Al-Ahram Weekly Online
20 - 26 December 2001
Issue No.565
Published in Cairo by AL-AHRAM established in 1875 Current issue | Previous issue | Site map

Cartoon by Ossama Qasim

Basic rights

Sir- As an American who has witnessed first hand the struggle of groups for basic rights on our soil, I sympathise with the Palestinian cause. But their struggle needs to be one of civil disobedience, not of terror. Terrorist acts only repel and strengthen the will of others. This struggle should also not be cloaked in religion. It is a struggle for human rights.

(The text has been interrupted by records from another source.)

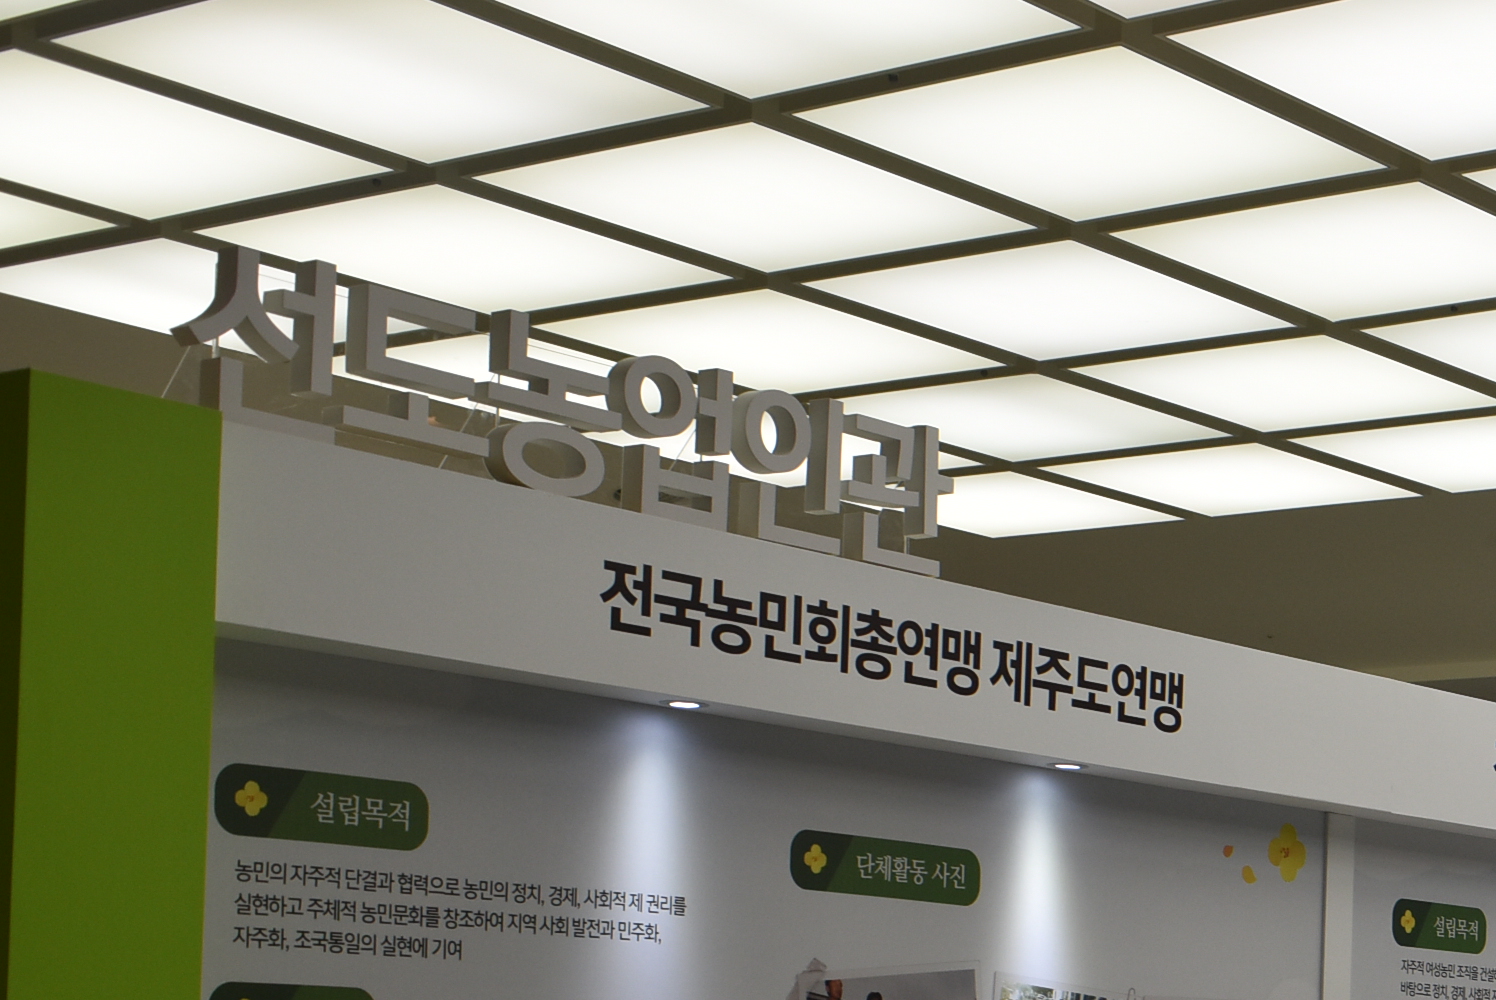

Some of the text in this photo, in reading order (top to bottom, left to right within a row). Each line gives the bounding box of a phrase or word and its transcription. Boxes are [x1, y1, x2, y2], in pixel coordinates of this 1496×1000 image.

[172, 245, 952, 576] 선도농업인관
[599, 560, 1185, 733] 전국농민회총연맹 제주도연맹
[310, 792, 410, 831] 설립목적
[234, 860, 288, 884] 농민의
[289, 865, 342, 889] 자주적
[344, 869, 396, 893] 단결과
[396, 873, 461, 896] 협력으로
[462, 879, 509, 902] 농민의
[583, 889, 627, 911] 사회적
[627, 893, 644, 912] 제
[645, 895, 688, 916] 권리를
[856, 853, 966, 889] 단체활동 사진
[234, 893, 305, 917] 실현하고
[306, 898, 357, 922] 주체적
[359, 902, 442, 928] 농민문화를
[442, 908, 504, 932] 창조하여
[506, 913, 537, 934] 지역
[538, 916, 570, 937] 사회
[571, 918, 616, 940] 발전과
[1433, 916, 1479, 941] 설립목적
[293, 930, 377, 955] 조국통일의
[380, 935, 429, 958] 실현에
[431, 939, 463, 960] 기여
[1400, 960, 1425, 975] 자주적
[1425, 962, 1456, 978] 여성농민
[1456, 965, 1480, 981] 조직을

The Palestinian leaders need to renounce acts of violence. It was their acts of peaceful civil disobedience in the 1980s and early '90s that won the support of ordinary Americans. This can happen again. I also am repelled by acts of assassination by the Israelis.

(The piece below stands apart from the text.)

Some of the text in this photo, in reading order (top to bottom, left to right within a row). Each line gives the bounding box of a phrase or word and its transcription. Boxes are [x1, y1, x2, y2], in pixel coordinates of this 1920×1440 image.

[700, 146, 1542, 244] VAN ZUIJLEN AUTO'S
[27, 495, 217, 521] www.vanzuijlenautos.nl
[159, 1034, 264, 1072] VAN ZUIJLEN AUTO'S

Terrorism is a losing proposition.

I have written to my leaders urging a more balanced approach to the Palestinian and Israeli conflict. But terrorist acts makes my voice meaningless.

Please urge more peaceful ways to struggle against oppression.

It is my hope that the Middle East will enter a golden age of peace and prosperity in the new century. This can only occur if all groups and their voices are respected. The destruction of the state of Israel can only bring further hate and poverty to the region.

Robert Frigo
Ft Wayne, Indiana

Tell the world

Sir- I've been watching the Palestine and Israel conflict with deep regret. What looked like a resolution a few years ago was killed when Rabin was murdered.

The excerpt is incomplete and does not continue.